_What is being asked_
Restate each line below word for word, skipping every picture.

(Beginning of Data for the task)

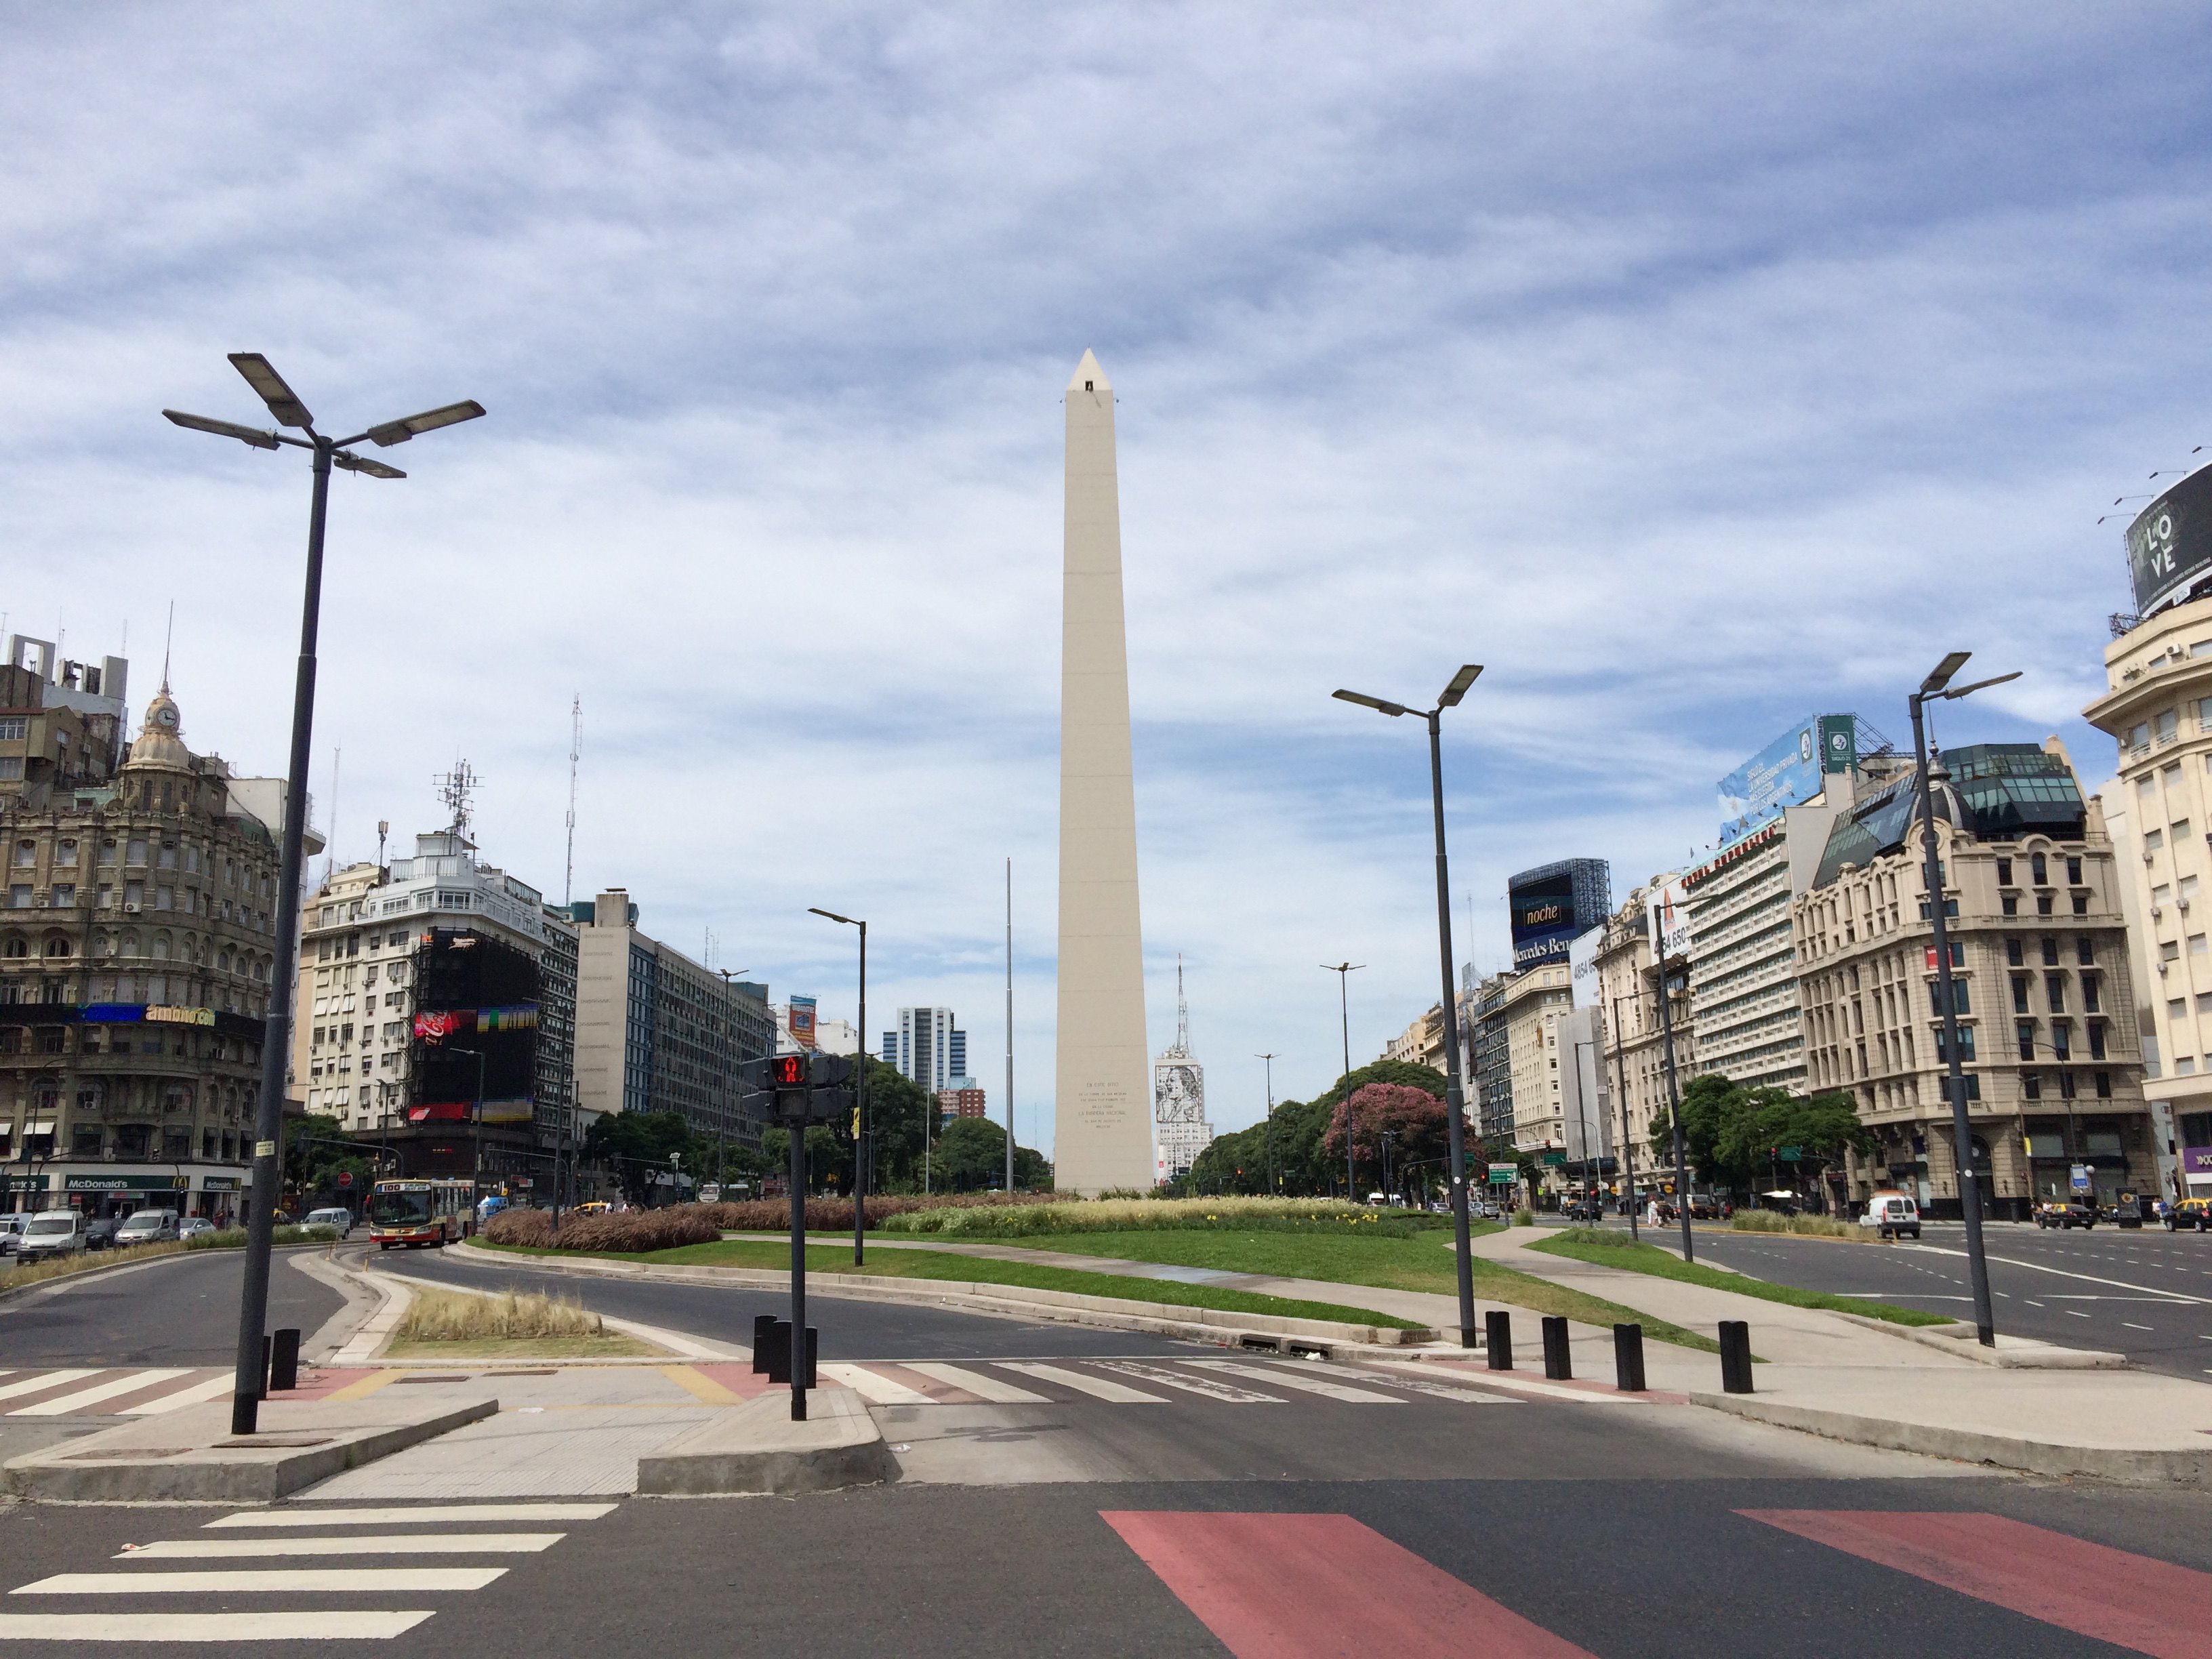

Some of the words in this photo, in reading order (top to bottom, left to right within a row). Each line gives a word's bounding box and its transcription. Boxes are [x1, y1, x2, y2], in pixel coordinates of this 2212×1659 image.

[1527, 903, 1558, 925] noche
[1654, 934, 1671, 957] 454
[1672, 926, 1687, 949] 650
[68, 1180, 128, 1189] McDonald's
[206, 1181, 232, 1190] McDonald's

(End of Data for the task)

_Written answer_
Some of the words in this photo, in reading order (top to bottom, left to right within a row). Each line gives a word's bounding box and its transcription. Boxes are [x1, y1, x2, y2], in pixel coordinates of this 2212×1659 image.

[1527, 903, 1558, 925] noche
[1654, 934, 1671, 957] 454
[1672, 926, 1687, 949] 650
[68, 1180, 128, 1189] McDonald's
[206, 1181, 232, 1190] McDonald's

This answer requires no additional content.